Les données issues des systèmes de contrôle et des systèmes d'information

marketing ou du FCC ne sont pas les seules à être utilisées. Grâce à la micro-

technologie, bien des succursales établissent elles-mêmes leurs objectifs, leur budget et

leurs points de contrôle. Ces systèmes locaux de report n'ont cependant pas été étudiés

dans le cadre de cette recherche.

La quantité de données à manipuler et la complexité des décisions à prendre

sont telles que l'organisation ne peut s'en tirer sans un système de planification plus ou

moins sophistiqué.

- «À ce moment là, dans les années 83, on a commencé à mettre sur pied

la planification stratégique. À mettre sur pied le secteur marketing et tranquillement pas vite l'information de gestion est devenue comme une nécessité. Elle est devenue comme un moyen. (On a vu) comment l'informatique ne répond pas à nos besoins en tant qu'information de gestion. ... Chez nous l'informatique les quinze premières années, les dix premières années elle a été tout simplement....

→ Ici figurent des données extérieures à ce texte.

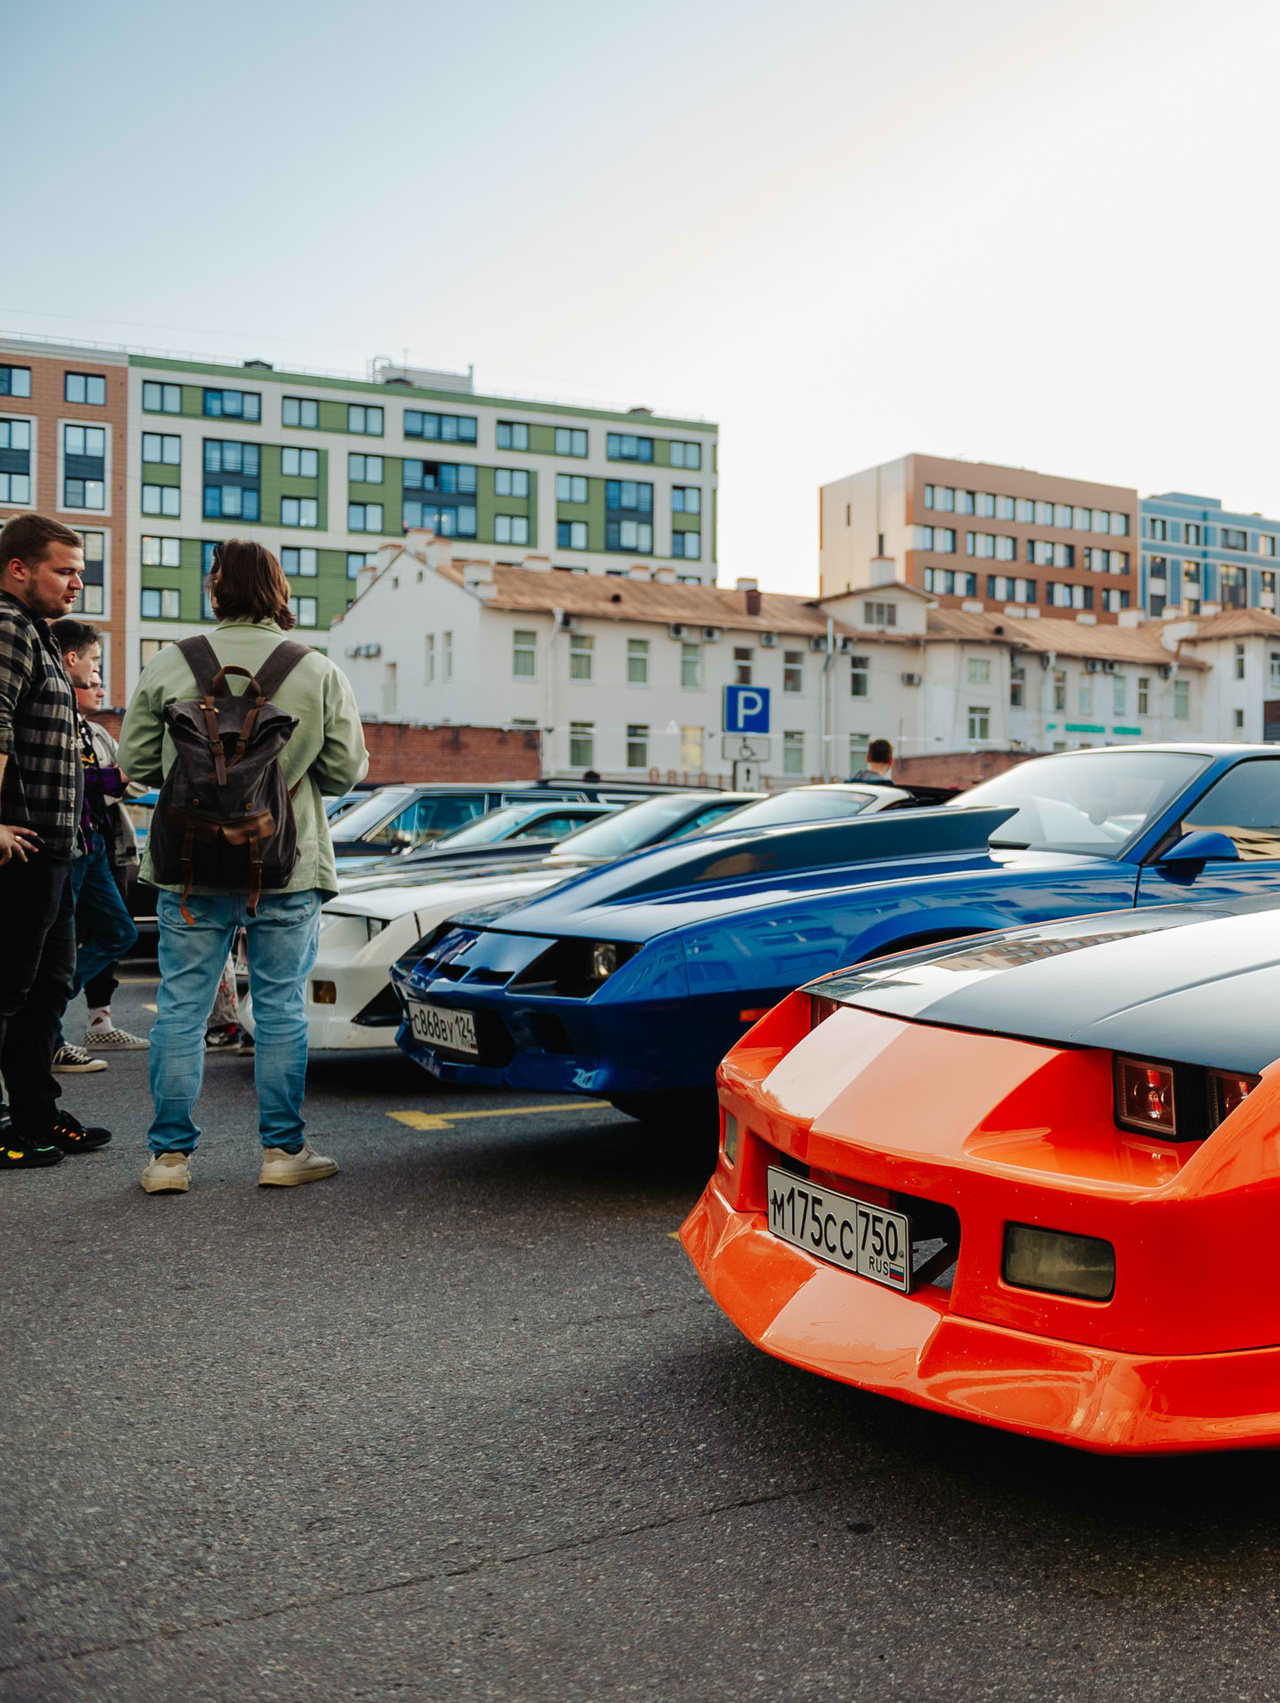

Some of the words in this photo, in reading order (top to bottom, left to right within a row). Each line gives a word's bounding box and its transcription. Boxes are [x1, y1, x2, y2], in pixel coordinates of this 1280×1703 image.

[737, 690, 763, 729] P
[455, 1015, 474, 1040] 124
[771, 1186, 854, 1260] M175CC
[859, 1210, 898, 1260] 750
[868, 1256, 889, 1276] RUS

- ...transactionnelle. - ...transactionnelle. Mais pas du tout, c'était pas du tout de l'information

pour les gens qui analysaient les phénomènes dans le sens où on n'avait pas les informations requises pour voir ce qui se passait sur le terrain. L'information n'était pas faite pour ça».

Nos observations nous amènent à penser que l'espace vide qui a éclaté - le lien

entrepreneurial informatique/sommet stratégique - se recompose au sommet mais cette

fois sans l'informatique. Certaines des organisations observées n'ont pas de «staff» de

planification stratégique parce qu'elles ne croient pas dans ce concept.

- «La planification stratégique c'est le propre de l'Europe et de l'Asie!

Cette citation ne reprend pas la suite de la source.